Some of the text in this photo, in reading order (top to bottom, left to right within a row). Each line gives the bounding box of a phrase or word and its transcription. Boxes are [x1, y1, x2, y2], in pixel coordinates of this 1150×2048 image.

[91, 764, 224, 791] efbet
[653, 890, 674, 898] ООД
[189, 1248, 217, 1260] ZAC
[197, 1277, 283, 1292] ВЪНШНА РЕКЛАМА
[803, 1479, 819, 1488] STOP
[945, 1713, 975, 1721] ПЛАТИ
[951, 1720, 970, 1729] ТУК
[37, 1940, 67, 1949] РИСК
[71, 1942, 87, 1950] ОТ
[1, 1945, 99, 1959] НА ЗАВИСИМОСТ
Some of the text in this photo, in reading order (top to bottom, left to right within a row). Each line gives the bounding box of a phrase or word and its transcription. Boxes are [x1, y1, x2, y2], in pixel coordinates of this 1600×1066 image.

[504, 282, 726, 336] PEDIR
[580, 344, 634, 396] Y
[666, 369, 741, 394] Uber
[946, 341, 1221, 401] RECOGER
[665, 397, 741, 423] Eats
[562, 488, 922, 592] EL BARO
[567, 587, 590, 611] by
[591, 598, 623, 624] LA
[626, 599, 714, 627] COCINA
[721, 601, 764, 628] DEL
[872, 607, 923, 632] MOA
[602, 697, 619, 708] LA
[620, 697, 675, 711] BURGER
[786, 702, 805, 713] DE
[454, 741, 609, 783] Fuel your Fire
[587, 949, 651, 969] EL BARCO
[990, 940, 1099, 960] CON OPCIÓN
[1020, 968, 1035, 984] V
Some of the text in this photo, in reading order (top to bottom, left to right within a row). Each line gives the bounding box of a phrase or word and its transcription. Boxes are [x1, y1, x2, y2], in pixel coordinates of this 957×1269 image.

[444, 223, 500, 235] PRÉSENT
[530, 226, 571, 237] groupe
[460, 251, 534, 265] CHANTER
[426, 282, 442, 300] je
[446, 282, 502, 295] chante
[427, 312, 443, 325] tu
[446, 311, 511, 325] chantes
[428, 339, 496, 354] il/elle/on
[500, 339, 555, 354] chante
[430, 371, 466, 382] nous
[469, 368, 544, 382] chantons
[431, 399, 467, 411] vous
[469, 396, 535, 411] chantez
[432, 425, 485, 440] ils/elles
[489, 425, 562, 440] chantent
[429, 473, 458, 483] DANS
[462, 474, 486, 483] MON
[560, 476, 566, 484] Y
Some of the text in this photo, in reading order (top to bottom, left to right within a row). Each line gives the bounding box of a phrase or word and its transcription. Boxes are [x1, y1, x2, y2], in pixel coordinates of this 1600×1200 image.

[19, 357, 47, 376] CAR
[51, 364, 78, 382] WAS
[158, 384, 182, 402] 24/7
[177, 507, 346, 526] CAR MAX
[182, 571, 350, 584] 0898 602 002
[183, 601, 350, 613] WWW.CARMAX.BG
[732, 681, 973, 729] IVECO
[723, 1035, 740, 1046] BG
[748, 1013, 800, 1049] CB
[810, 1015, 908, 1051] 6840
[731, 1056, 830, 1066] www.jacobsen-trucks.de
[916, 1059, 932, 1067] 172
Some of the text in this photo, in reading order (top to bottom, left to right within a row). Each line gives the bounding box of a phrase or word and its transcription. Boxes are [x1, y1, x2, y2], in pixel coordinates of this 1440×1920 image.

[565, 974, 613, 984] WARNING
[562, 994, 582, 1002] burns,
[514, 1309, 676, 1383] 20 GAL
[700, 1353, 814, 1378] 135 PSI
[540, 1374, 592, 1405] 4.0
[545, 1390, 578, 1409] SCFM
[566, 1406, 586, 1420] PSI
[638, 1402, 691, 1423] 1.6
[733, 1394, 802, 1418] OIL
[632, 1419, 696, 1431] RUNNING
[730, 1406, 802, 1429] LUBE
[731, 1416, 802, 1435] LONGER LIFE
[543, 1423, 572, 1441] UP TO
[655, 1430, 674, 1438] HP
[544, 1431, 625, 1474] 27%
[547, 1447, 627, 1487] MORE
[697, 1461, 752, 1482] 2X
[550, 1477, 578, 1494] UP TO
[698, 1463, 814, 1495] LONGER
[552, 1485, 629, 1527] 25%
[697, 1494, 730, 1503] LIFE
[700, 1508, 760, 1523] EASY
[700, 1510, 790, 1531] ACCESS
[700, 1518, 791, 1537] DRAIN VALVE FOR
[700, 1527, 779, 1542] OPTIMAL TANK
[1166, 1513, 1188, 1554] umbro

=-=-=-=-=

◆ Brief ◆
However many lines the data holds, return each one exactly.

◆ Written solution ◆
Some of the text in this photo, in reading order (top to bottom, left to right within a row). Each line gives the bounding box of a phrase or word and its transcription. Boxes are [x1, y1, x2, y2], in pixel coordinates of this 1150×2048 image.

[91, 764, 224, 791] efbet
[653, 890, 674, 898] ООД
[189, 1248, 217, 1260] ZAC
[197, 1277, 283, 1292] ВЪНШНА РЕКЛАМА
[803, 1479, 819, 1488] STOP
[945, 1713, 975, 1721] ПЛАТИ
[951, 1720, 970, 1729] ТУК
[37, 1940, 67, 1949] РИСК
[71, 1942, 87, 1950] ОТ
[1, 1945, 99, 1959] НА ЗАВИСИМОСТ
Some of the text in this photo, in reading order (top to bottom, left to right within a row). Each line gives the bounding box of a phrase or word and its transcription. Boxes are [x1, y1, x2, y2], in pixel coordinates of this 1600×1066 image.

[504, 282, 726, 336] PEDIR
[580, 344, 634, 396] Y
[666, 369, 741, 394] Uber
[946, 341, 1221, 401] RECOGER
[665, 397, 741, 423] Eats
[562, 488, 922, 592] EL BARO
[567, 587, 590, 611] by
[591, 598, 623, 624] LA
[626, 599, 714, 627] COCINA
[721, 601, 764, 628] DEL
[872, 607, 923, 632] MOA
[602, 697, 619, 708] LA
[620, 697, 675, 711] BURGER
[786, 702, 805, 713] DE
[454, 741, 609, 783] Fuel your Fire
[587, 949, 651, 969] EL BARCO
[990, 940, 1099, 960] CON OPCIÓN
[1020, 968, 1035, 984] V
Some of the text in this photo, in reading order (top to bottom, left to right within a row). Each line gives the bounding box of a phrase or word and its transcription. Boxes are [x1, y1, x2, y2], in pixel coordinates of this 957×1269 image.

[444, 223, 500, 235] PRÉSENT
[530, 226, 571, 237] groupe
[460, 251, 534, 265] CHANTER
[426, 282, 442, 300] je
[446, 282, 502, 295] chante
[427, 312, 443, 325] tu
[446, 311, 511, 325] chantes
[428, 339, 496, 354] il/elle/on
[500, 339, 555, 354] chante
[430, 371, 466, 382] nous
[469, 368, 544, 382] chantons
[431, 399, 467, 411] vous
[469, 396, 535, 411] chantez
[432, 425, 485, 440] ils/elles
[489, 425, 562, 440] chantent
[429, 473, 458, 483] DANS
[462, 474, 486, 483] MON
[560, 476, 566, 484] Y
Some of the text in this photo, in reading order (top to bottom, left to right within a row). Each line gives the bounding box of a phrase or word and its transcription. Boxes are [x1, y1, x2, y2], in pixel coordinates of this 1600×1200 image.

[19, 357, 47, 376] CAR
[51, 364, 78, 382] WAS
[158, 384, 182, 402] 24/7
[177, 507, 346, 526] CAR MAX
[182, 571, 350, 584] 0898 602 002
[183, 601, 350, 613] WWW.CARMAX.BG
[732, 681, 973, 729] IVECO
[723, 1035, 740, 1046] BG
[748, 1013, 800, 1049] CB
[810, 1015, 908, 1051] 6840
[731, 1056, 830, 1066] www.jacobsen-trucks.de
[916, 1059, 932, 1067] 172
Some of the text in this photo, in reading order (top to bottom, left to right within a row). Each line gives the bounding box of a phrase or word and its transcription. Boxes are [x1, y1, x2, y2], in pixel coordinates of this 1440×1920 image.

[565, 974, 613, 984] WARNING
[562, 994, 582, 1002] burns,
[514, 1309, 676, 1383] 20 GAL
[700, 1353, 814, 1378] 135 PSI
[540, 1374, 592, 1405] 4.0
[545, 1390, 578, 1409] SCFM
[566, 1406, 586, 1420] PSI
[638, 1402, 691, 1423] 1.6
[733, 1394, 802, 1418] OIL
[632, 1419, 696, 1431] RUNNING
[730, 1406, 802, 1429] LUBE
[731, 1416, 802, 1435] LONGER LIFE
[543, 1423, 572, 1441] UP TO
[655, 1430, 674, 1438] HP
[544, 1431, 625, 1474] 27%
[547, 1447, 627, 1487] MORE
[697, 1461, 752, 1482] 2X
[550, 1477, 578, 1494] UP TO
[698, 1463, 814, 1495] LONGER
[552, 1485, 629, 1527] 25%
[697, 1494, 730, 1503] LIFE
[700, 1508, 760, 1523] EASY
[700, 1510, 790, 1531] ACCESS
[700, 1518, 791, 1537] DRAIN VALVE FOR
[700, 1527, 779, 1542] OPTIMAL TANK
[1166, 1513, 1188, 1554] umbro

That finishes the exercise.